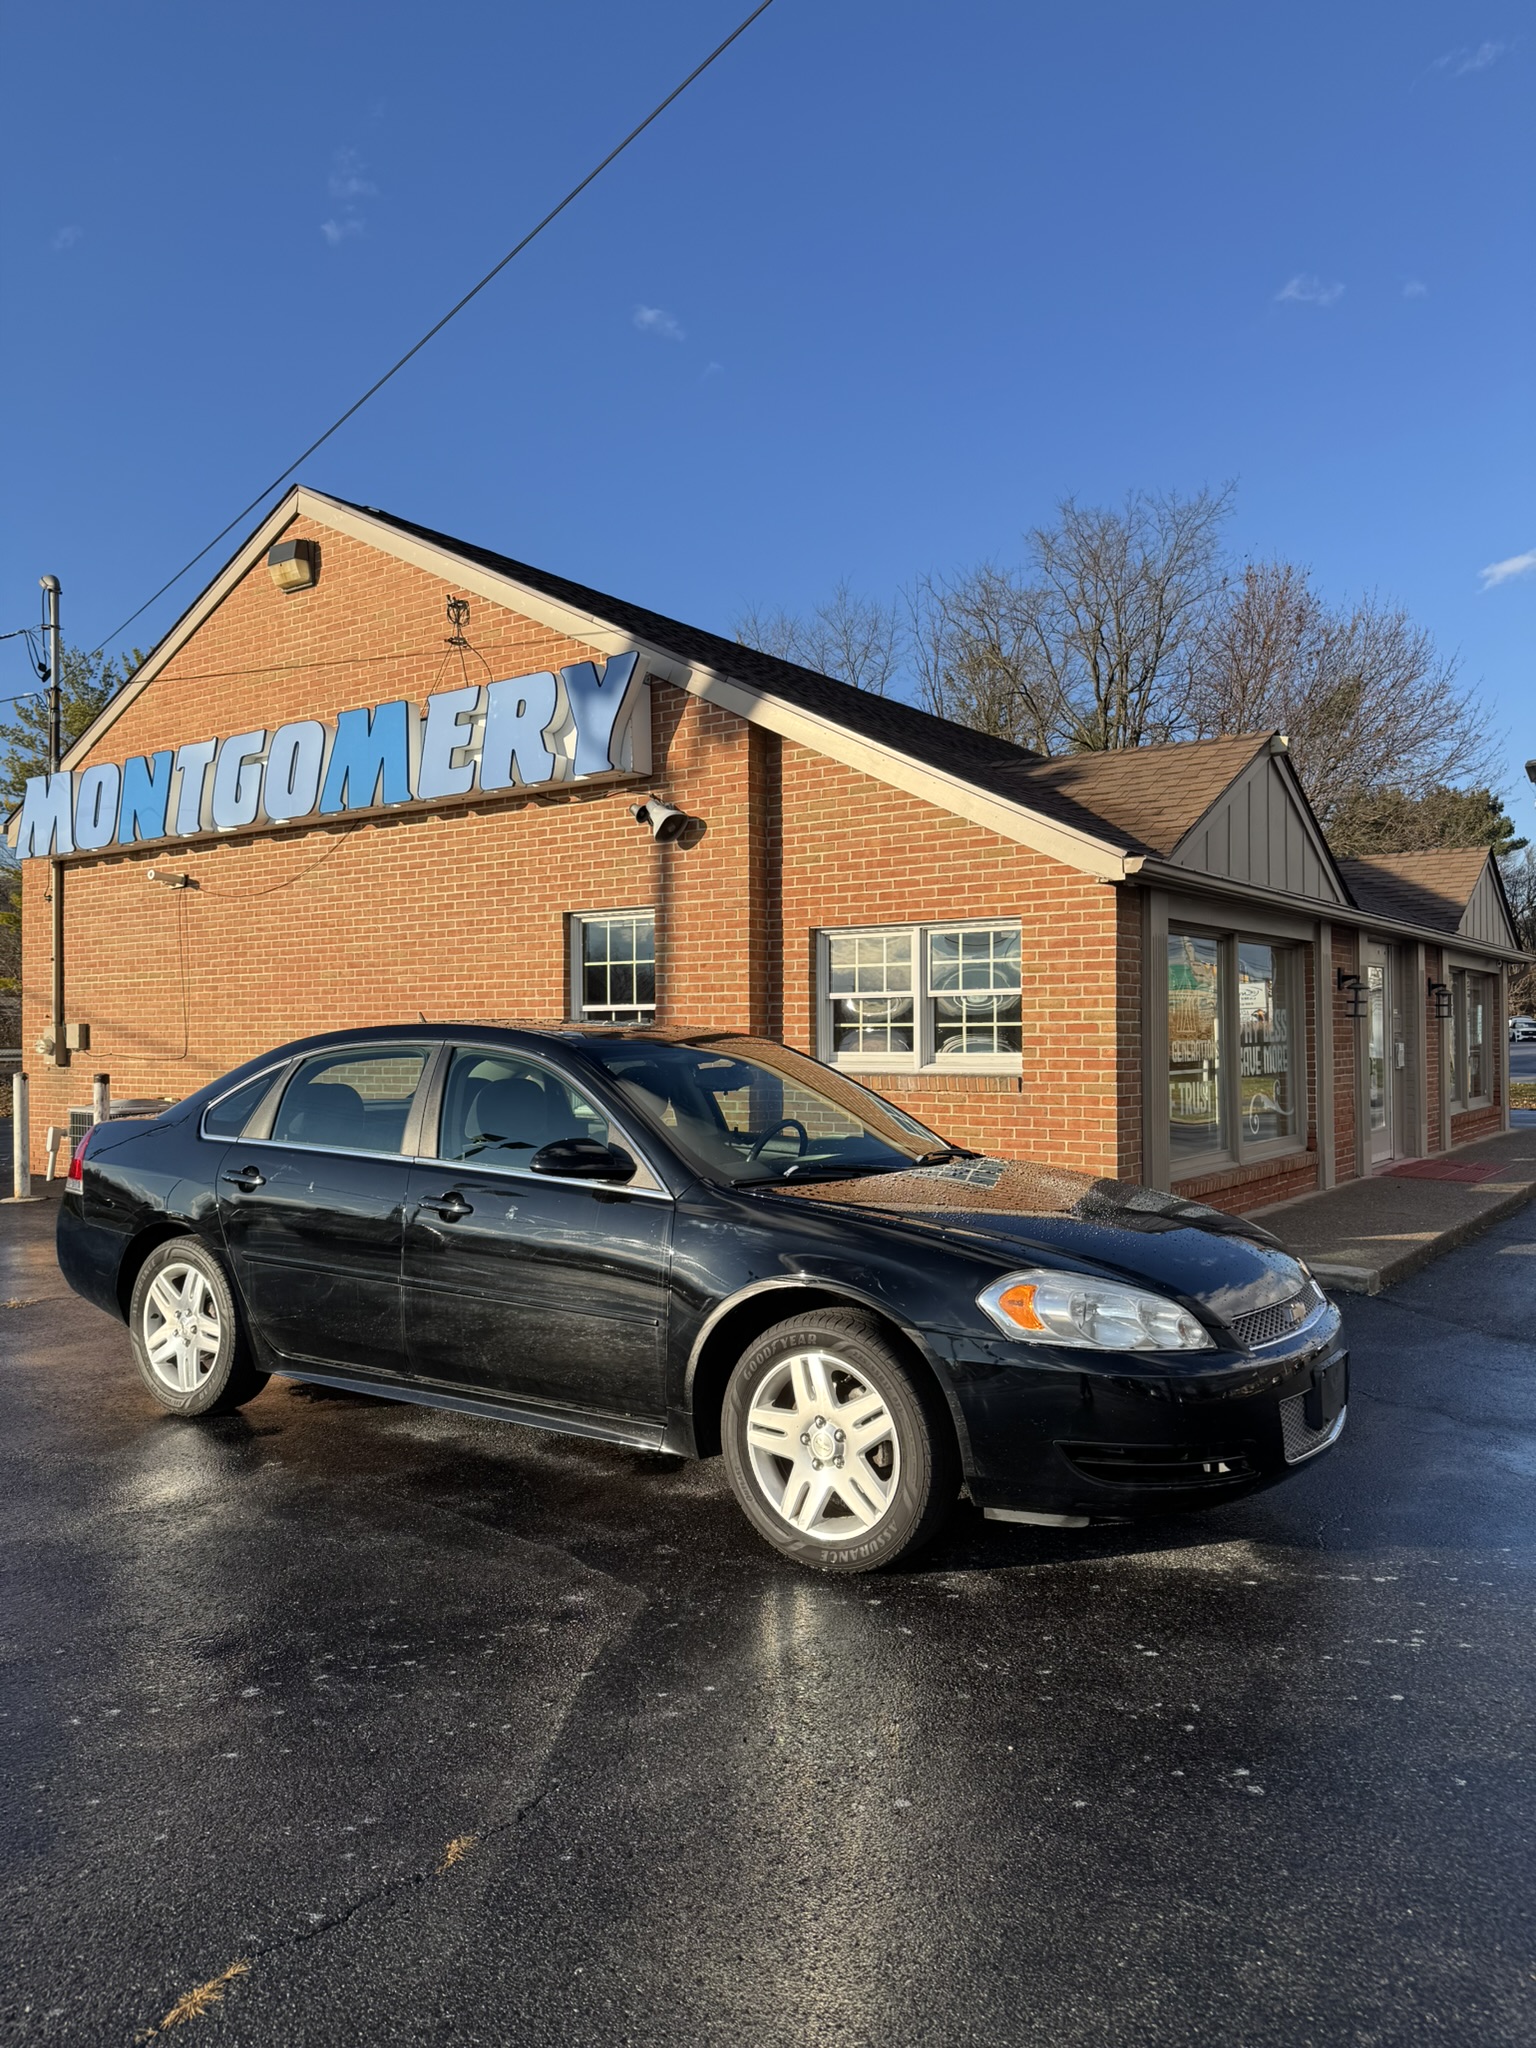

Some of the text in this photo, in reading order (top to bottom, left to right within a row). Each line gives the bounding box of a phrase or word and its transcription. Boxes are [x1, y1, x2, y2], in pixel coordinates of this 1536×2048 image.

[15, 651, 640, 860] MONTGOMERY
[1263, 1044, 1289, 1074] MORE
[1178, 1080, 1213, 1116] TRUST
[743, 1333, 818, 1380] GOODYEAR
[820, 1519, 898, 1563] ASSURANCE
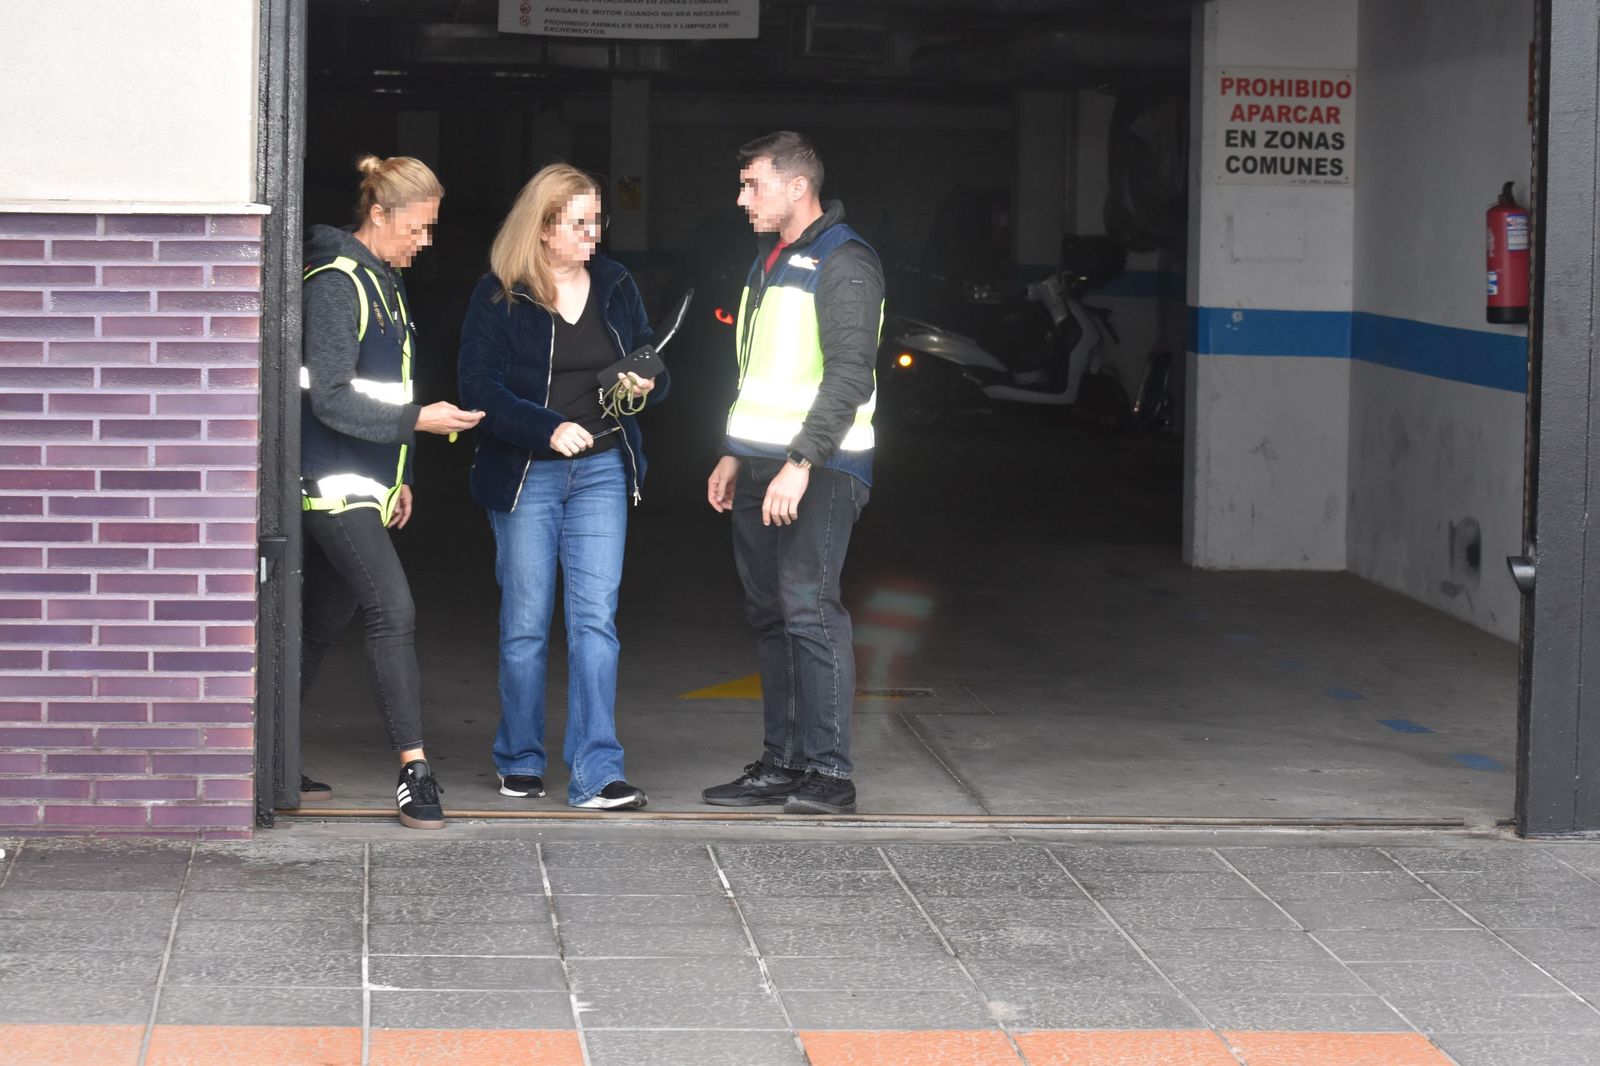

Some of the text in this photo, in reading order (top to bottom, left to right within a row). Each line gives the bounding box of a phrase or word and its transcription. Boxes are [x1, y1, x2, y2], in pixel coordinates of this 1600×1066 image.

— About this task —
Nothing but the pictures may be dropped as you repeat the listing above exactly.

— Solution —
Some of the text in this photo, in reading order (top to bottom, left to right within a row). Each line gives the bounding box of a phrase or word and its transcription. Boxes are [x1, y1, x2, y2], in pixel coordinates of this 1536×2048 image.

[15, 651, 640, 860] MONTGOMERY
[1263, 1044, 1289, 1074] MORE
[1178, 1080, 1213, 1116] TRUST
[743, 1333, 818, 1380] GOODYEAR
[820, 1519, 898, 1563] ASSURANCE

Some of the text in this photo, in reading order (top to bottom, left to right within a row). Each line gives the bounding box of a phrase or word and its transcription. Boxes are [x1, y1, x2, y2], in pixel coordinates of this 1600×1066 image.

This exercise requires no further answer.